Michaël Haneke ne méritait pas forcément la Palme d’or pour ce film (Funny Games était plus percutant, La Pianiste plus dérangeant), même s’il reste fidèle à son œuvre tant par les thèmes qu’il aborde que par la rigueur de sa mise en scène. Le cinéaste autrichien prend pour cible un petit village d’Allemagne au début du vingtième siècle et fait de ses habitants les pions de sa nouvelle démonstration. Son travail est froid et complexe, minutieux et absolument maîtrisé. Alors que les personnages du Ruban blanc voient leur quotidien bouleversé par de mystérieux événements (un fil invisible tendu pour faire chuter le cheval du médecin local, un enfant enlevé et torturé…), Haneke s’interroge sur le mal et sur les origines de la violence. En concluant son film par l’annonce de la guerre, il l’inscrit clairement dans un cadre historique et les enfants convoqués ici seront inévitablement les futurs bourreaux nazis.

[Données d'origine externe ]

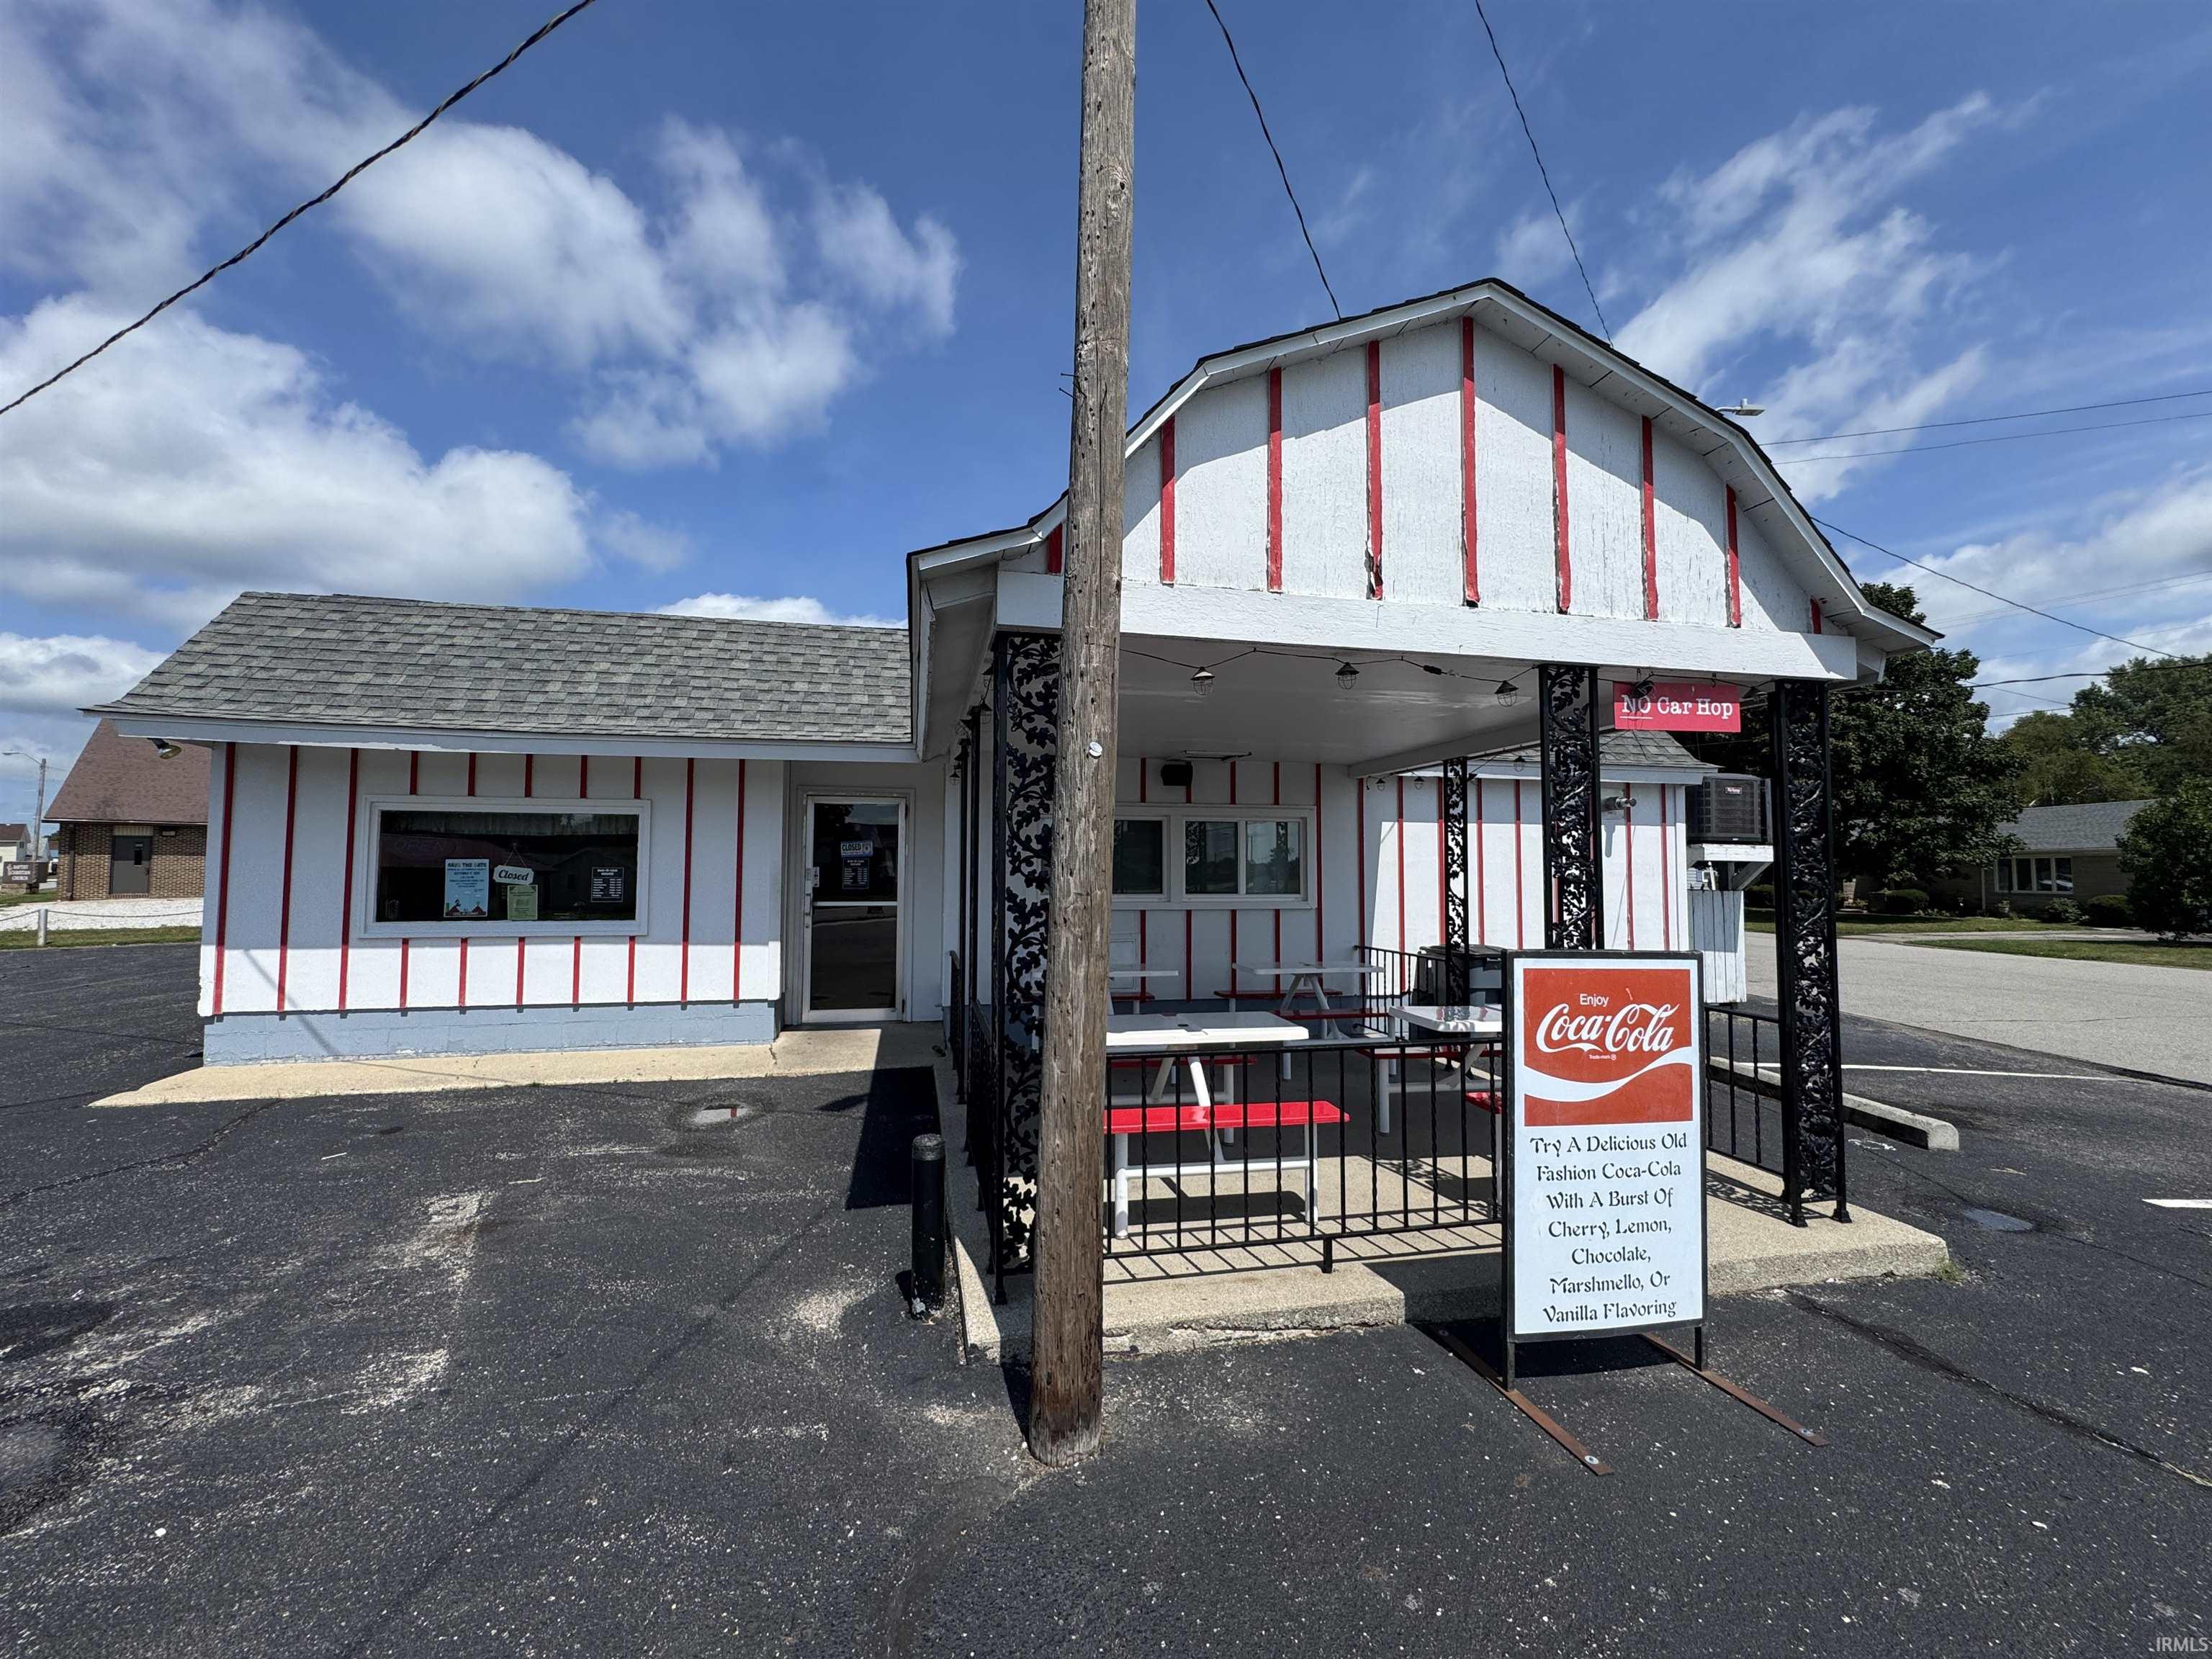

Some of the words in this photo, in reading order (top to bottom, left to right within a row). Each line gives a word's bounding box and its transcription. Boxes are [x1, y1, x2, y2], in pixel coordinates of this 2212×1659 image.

[1621, 695, 1651, 714] NO
[1657, 696, 1692, 715] Car
[1695, 698, 1733, 719] Hop
[498, 869, 530, 881] Closed
[1579, 993, 1609, 1007] Enjoy
[1536, 1003, 1680, 1053] Coca-Cola
[1529, 1136, 1562, 1158] Try
[1567, 1136, 1581, 1153] A
[1586, 1135, 1656, 1152] Delicious
[1661, 1132, 1687, 1149] Old
[1537, 1164, 1596, 1182] Fashion
[1602, 1160, 1681, 1179] Coca-Cola
[1545, 1191, 1583, 1210] With
[1588, 1192, 1604, 1208] A
[1609, 1190, 1649, 1207] Burst
[1653, 1187, 1673, 1208] Of
[1548, 1220, 1610, 1240] Cherry,
[1615, 1218, 1672, 1234] Lemon,
[1571, 1246, 1651, 1265] Chocolate,
[1550, 1273, 1644, 1295] Marshmello,
[1650, 1270, 1671, 1287] Or
[1542, 1305, 1598, 1323] Vanilla
[1603, 1299, 1677, 1320] Flavoring

Toutefois, malgré le soin porté aux détails pour une reconstitution d’époque très précise ou encore l’option du noir et blanc, Le Ruban blanc n’est pas seulement un film à ancrer dans un temps révolu, son discours débordant immédiatement les dates qui circonscrivent la diégèse. Et c’est justement parce qu’il s’éloigne continuellement de la question « comment expliquer le nazisme ? » que Haneke est si passionnant. Son film expose sobrement des faits, pose des questions auxquelles il n’apporte pas de réponse ferme, parce qu’Haneke a toujours refusé de laisser le spectateur passif devant ses films. Ce qui est avancé ici est subjectif et dès lors peut-être imprécis et inexact, la narration étant confiée à l’un des personnages, qui relate un souvenir. Il faudra donc se contenter de bribes d’informations et d’un point de vue, plutôt perturbant : il est impossible de remonter à une époque où l’homme était bon et d’observer son basculement vers le mal. Michael Haneke ne peut ainsi pas montrer le passage du blanc au noir, mais seulement divers moments où le blanc se mélange au noir.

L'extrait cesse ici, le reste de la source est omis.